* EXERCISE AIM
Would you please reproduce all the entries word for word, minus the pictures?

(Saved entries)
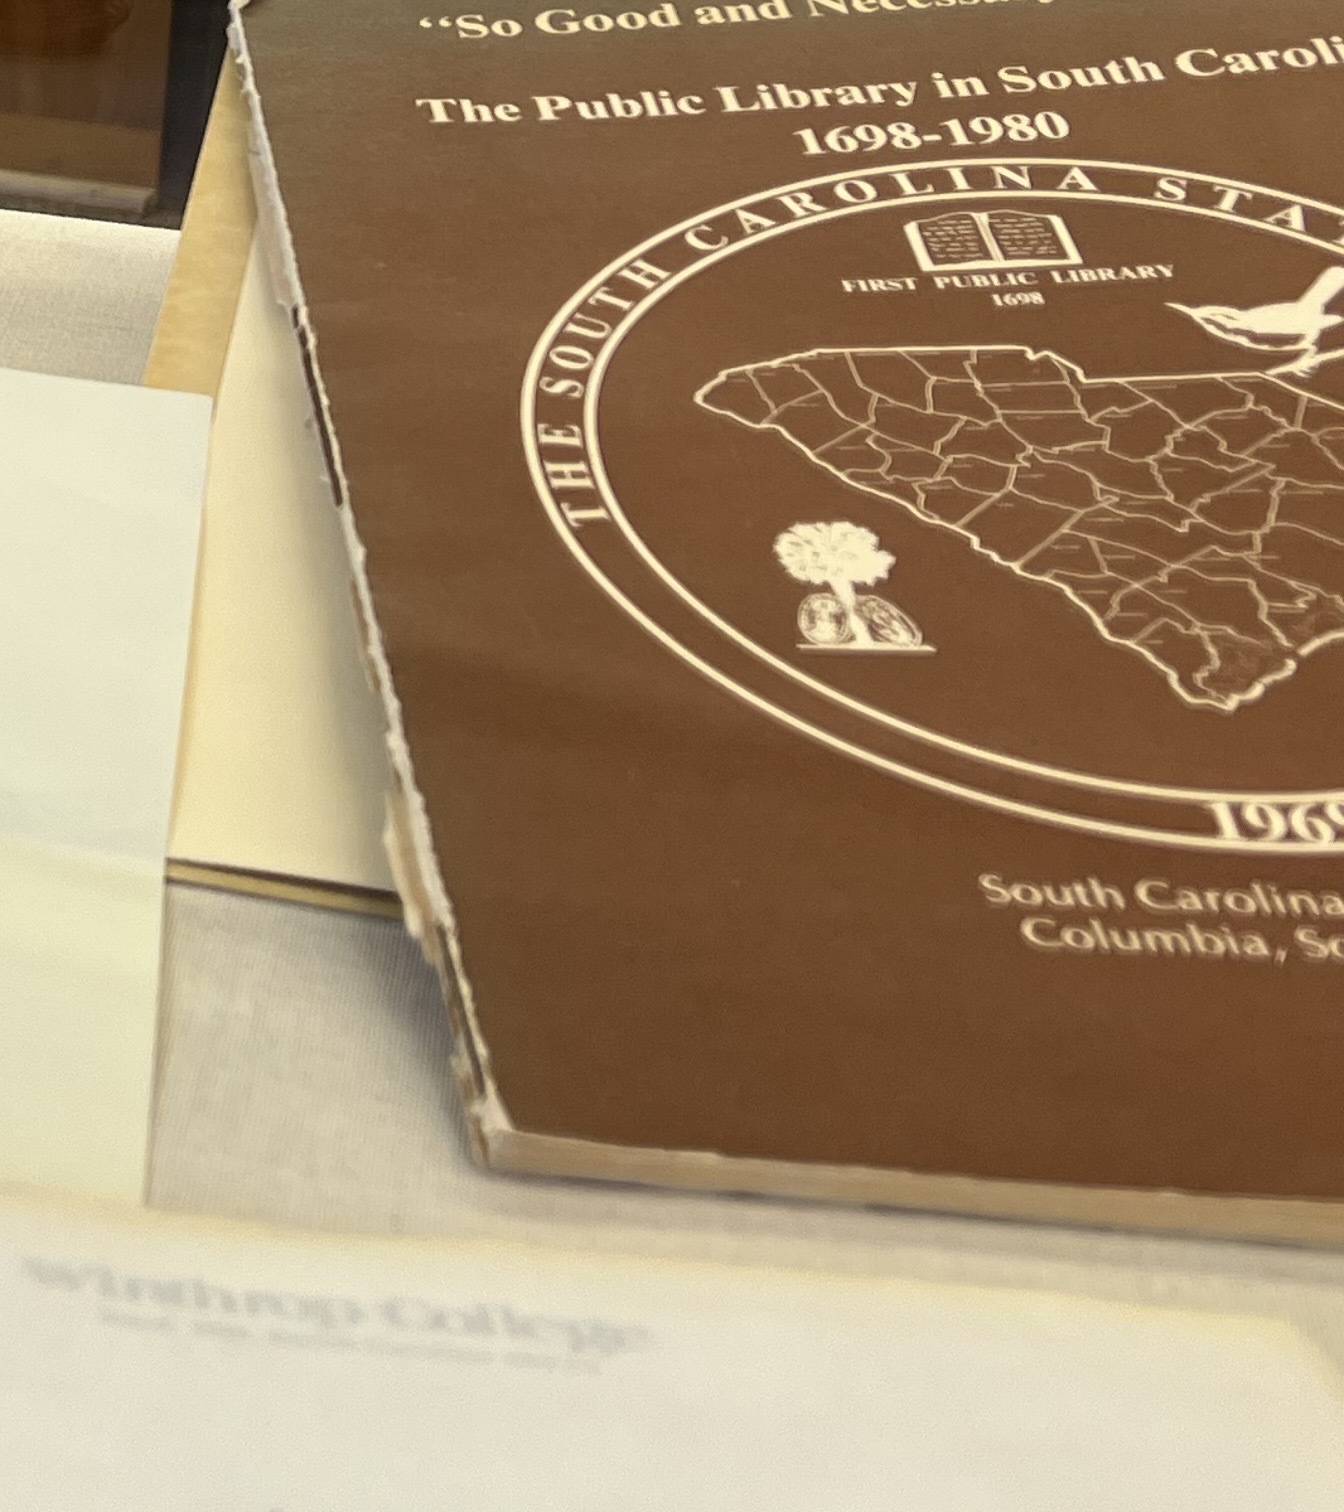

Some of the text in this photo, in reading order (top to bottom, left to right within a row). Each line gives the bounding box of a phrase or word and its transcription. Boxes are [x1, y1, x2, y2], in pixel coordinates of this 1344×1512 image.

[534, 2, 682, 36] Good
[415, 35, 1344, 124] The Public Library in South Caroli
[792, 110, 1070, 156] 1698-1980
[684, 165, 1098, 252] CAROLINA
[841, 264, 1174, 293] FIRST PUBLIC LIBRARY
[991, 291, 1046, 307] 1698
[540, 258, 670, 399] SOUTH
[539, 423, 612, 528] THE
[977, 873, 1126, 911] South
[1019, 915, 1288, 967] Columbia,
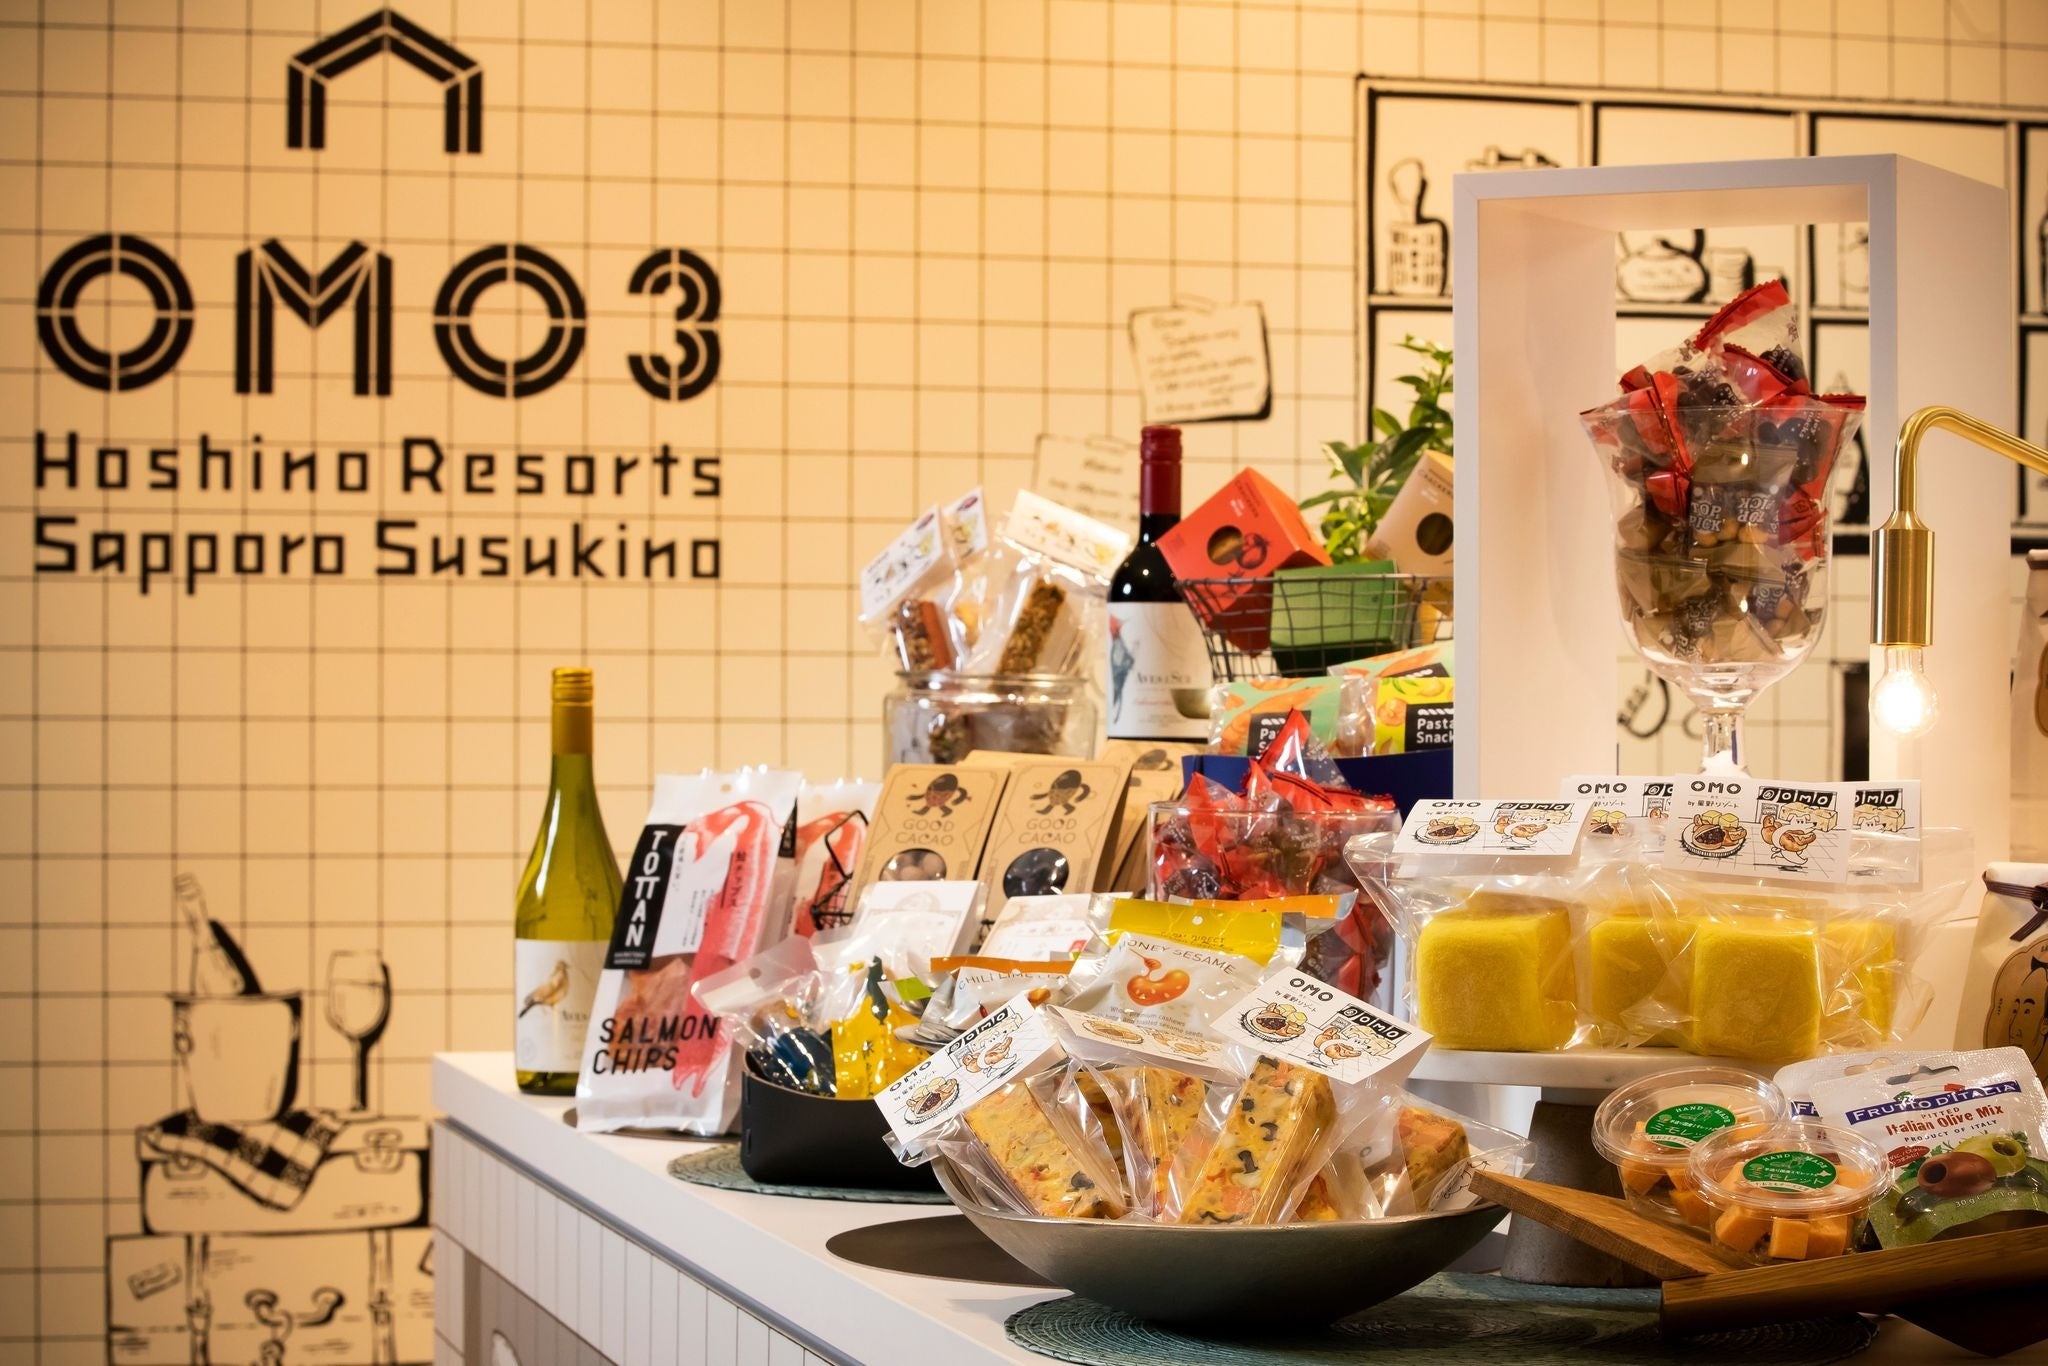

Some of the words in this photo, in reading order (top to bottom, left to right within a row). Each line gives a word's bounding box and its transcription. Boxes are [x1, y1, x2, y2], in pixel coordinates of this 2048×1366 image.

* RESPONSE BELOW
Some of the text in this photo, in reading order (top to bottom, left to right within a row). Each line gives the bounding box of a phrase or word and its transcription. Boxes are [x1, y1, x2, y2], in pixel coordinates of this 1344×1512 image.

[534, 2, 682, 36] Good
[415, 35, 1344, 124] The Public Library in South Caroli
[792, 110, 1070, 156] 1698-1980
[684, 165, 1098, 252] CAROLINA
[841, 264, 1174, 293] FIRST PUBLIC LIBRARY
[991, 291, 1046, 307] 1698
[540, 258, 670, 399] SOUTH
[539, 423, 612, 528] THE
[977, 873, 1126, 911] South
[1019, 915, 1288, 967] Columbia,

Some of the words in this photo, in reading order (top to bottom, left to right within a row). Each line gives a word's bounding box and its transcription. Boxes are [x1, y1, x2, y2], in pixel coordinates of this 2048×1366 image.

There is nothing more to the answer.